ADWA
Armando Gnisci
Può un europeo occidentale, per giunta cittadino di un
paese che è stato in Africa da colonialista come l'Italia,
concepire, covare ed infine esprimere una poetica africana?
Che tipo, o esempio o singolo euroccidentale? A che pro? Per sentirsi
meglio, o per farsi del male? E da dove potrebbe muovere il suo
discorso? E come, e perché, verrebbe a formarsi? E quale
azione potrebbe, o dovrebbe, diventare? africana a basta? Migrando
verso il continente nero senza tornare? O avanzerebbe in una avventura
creola, meticcia e anfibia, di doppia vita? E sarebbe una poetica
africana tra altre poetiche (una poetica da viaggio, o una ad
hoc per poter parlare di Africa in maniera originale?) quella
che un letterato italiano potrebbe elaborare, o una poetica
estrema, proprio e in quanto africana?
Rispondo.
Frantz Fanon ha disegnato e vissuto la poetica della decolonizzazione
per il colonizzato dai coloni europei. Sartre ha provato a pensare,
insieme a lui, la decolonizzazione dalla parte bianca.
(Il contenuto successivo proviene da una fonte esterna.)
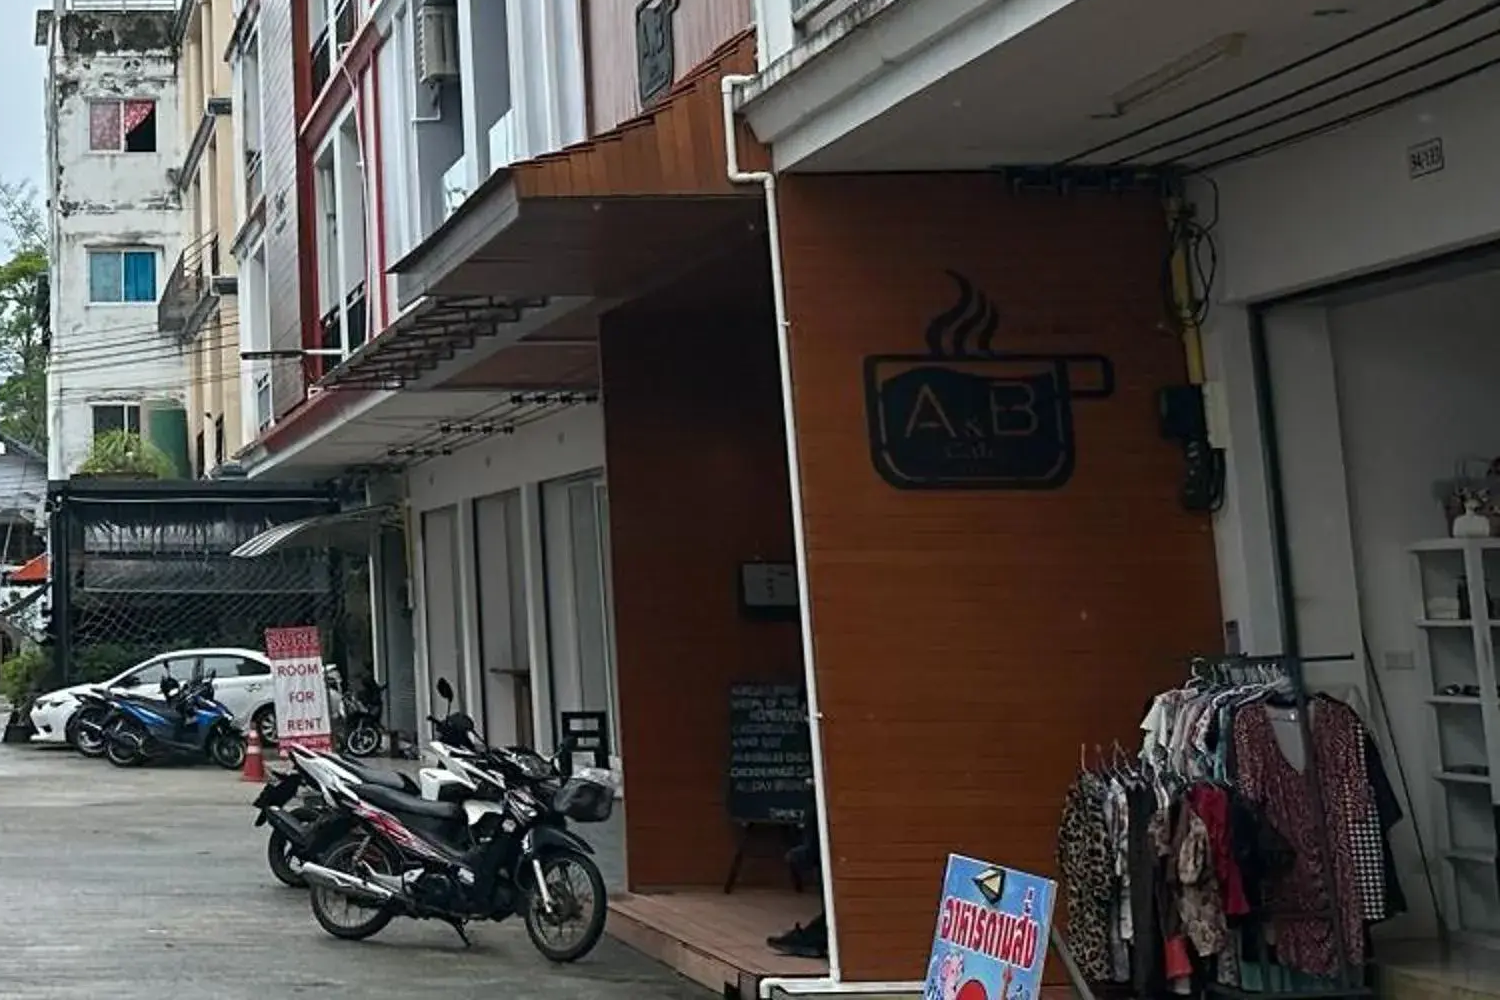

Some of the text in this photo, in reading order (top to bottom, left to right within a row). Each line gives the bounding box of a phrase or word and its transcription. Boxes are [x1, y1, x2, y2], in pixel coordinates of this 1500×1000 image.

[278, 664, 319, 677] ROOM
[289, 691, 315, 703] FOR
[287, 718, 322, 731] RENT
Ha cominciato a pronunciare, per la prima volta in Europa, al
di là del relativismo culturale e della carità cristiana,
il dettato della decolonizzazione degli europei. Tutto questo,
però, è finito alla morte da giovane di Fanon, quaranta
anni fa.
Se il colonizzato per decolonizzarsi, come ci ha insegnato Fanon,
deve ribellarsi contro chi lo ha disumanizzato e rispondere
con la violenza alla "civilizzazione" europea, il colono-disumanizzatore,
se è un umanista e letterato, deve cercare il proprio modo
responsabile di corrispondere alla condizione passata e presente
del continente che ha devastato con la sua civilizzazione. All'Africa
(cosiddetta) post-coloniale non è stato permesso di alzare
la testa tra i mondi e di riprendere ad avanzare nella libera
ri-cerca del proprio moto. A me europeo sembra che solo
attraverso la letteratura e la musica gli africani hanno potuto
elaborare il valore di frontiera avanzata del più liberamente
umano del loro continente: la traccia infinita e intrecciata del
dolore e della speranza, entrambi portati avanti. Più
avanti di qualsiasi altra comunità civile, perché
avanzante nel massimo pericolo.
Sostengo che la via dell'europeo - o, almeno quella che io ho
tracciato per me e per chi voglia seguirla - è quella dell'ascesi
e dell'oltranza. Ascesi significa: scorticare il colono intellettuale
che è in noi euroccidentali, come diceva Sartre. Oltranza
significa difendere, fino al rischio della propria identità,
l'Africa come la terra dell'estremamente umano, dall'attacco
contro la specie che una parte della specie, quella ricca cinica
e minoritaria, conduce sul suo continente sfruttato e abbandonato:
uno degli esperimenti - il più massiccio, ma invisibile
- del disumano a venire; andare a scuola dagli africani:
scuola del sapere e della cura, del ben vivere e dell'amore, della
danza e del colloquio che canta.
Per questa strada un umanista e letterato euroccidentale costruisce
una poetica africana, imprevedibile e sana, e può insegnarla
e diffonderla.
Fino
a qui riesco a pensare. Poi preferisco fare un gesto e pronunciare
un proclama gridando:
Se fossi vissuto da giovane alla fine del XIX secolo mi sarei
dedicato a diventare un "traditore della patria" italiana.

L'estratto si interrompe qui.